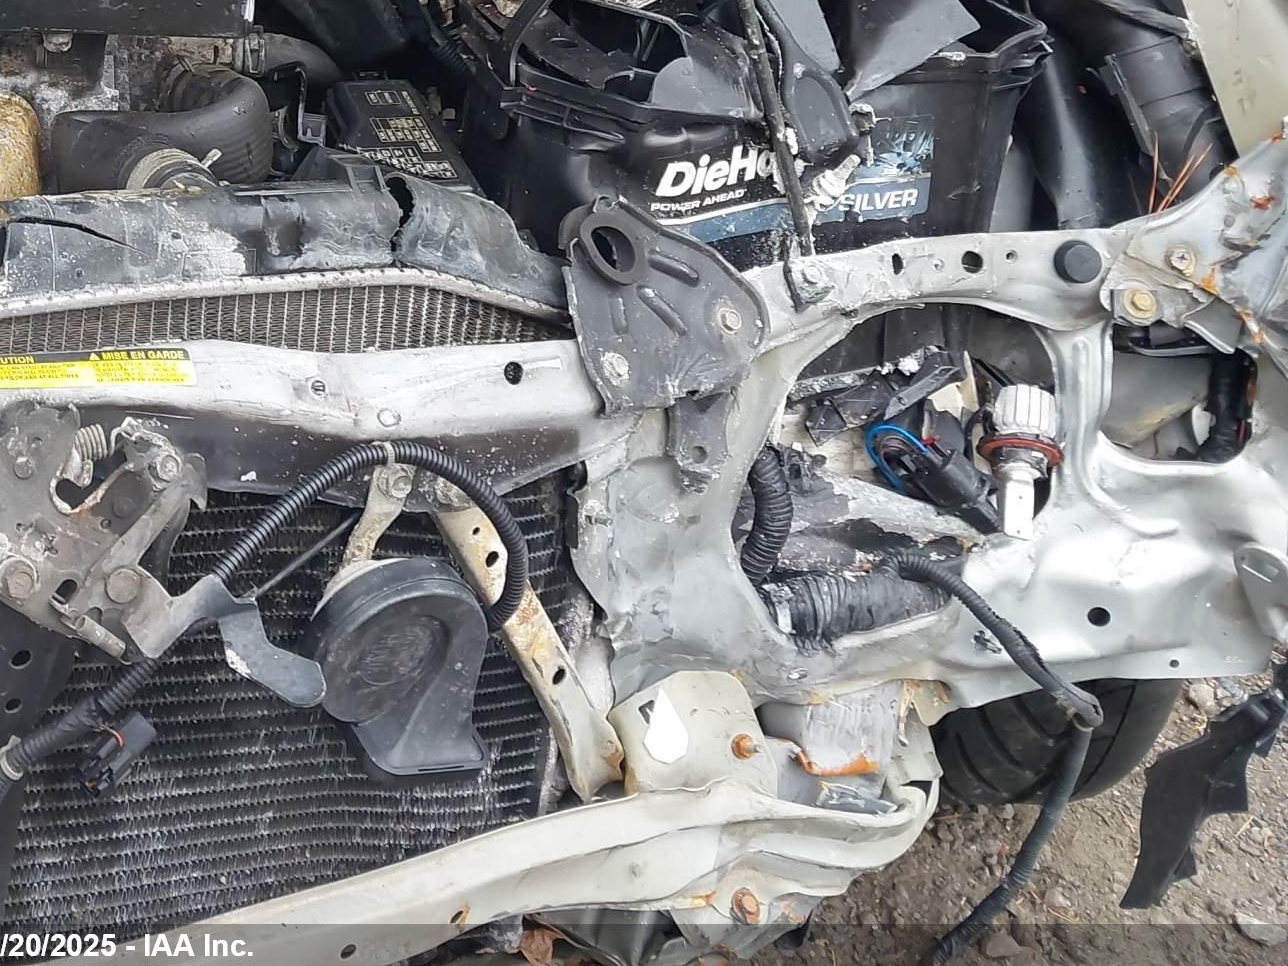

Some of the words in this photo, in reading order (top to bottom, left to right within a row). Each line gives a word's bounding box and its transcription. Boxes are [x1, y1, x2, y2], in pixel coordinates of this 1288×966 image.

[649, 199, 700, 213] POWER
[702, 189, 747, 205] AHEAD
[839, 188, 918, 212] SILVER
[102, 351, 128, 360] MISE
[130, 351, 146, 360] EN
[147, 350, 185, 360] GARDE

WORK TASK :: Omit the pictures and print the listing exactly.

ANSWER AREA ::
Some of the words in this photo, in reading order (top to bottom, left to right within a row). Each line gives a word's bounding box and its transcription. Boxes are [x1, y1, x2, y2], in pixel coordinates of this 1288×966 image.

[649, 199, 700, 213] POWER
[702, 189, 747, 205] AHEAD
[839, 188, 918, 212] SILVER
[102, 351, 128, 360] MISE
[130, 351, 146, 360] EN
[147, 350, 185, 360] GARDE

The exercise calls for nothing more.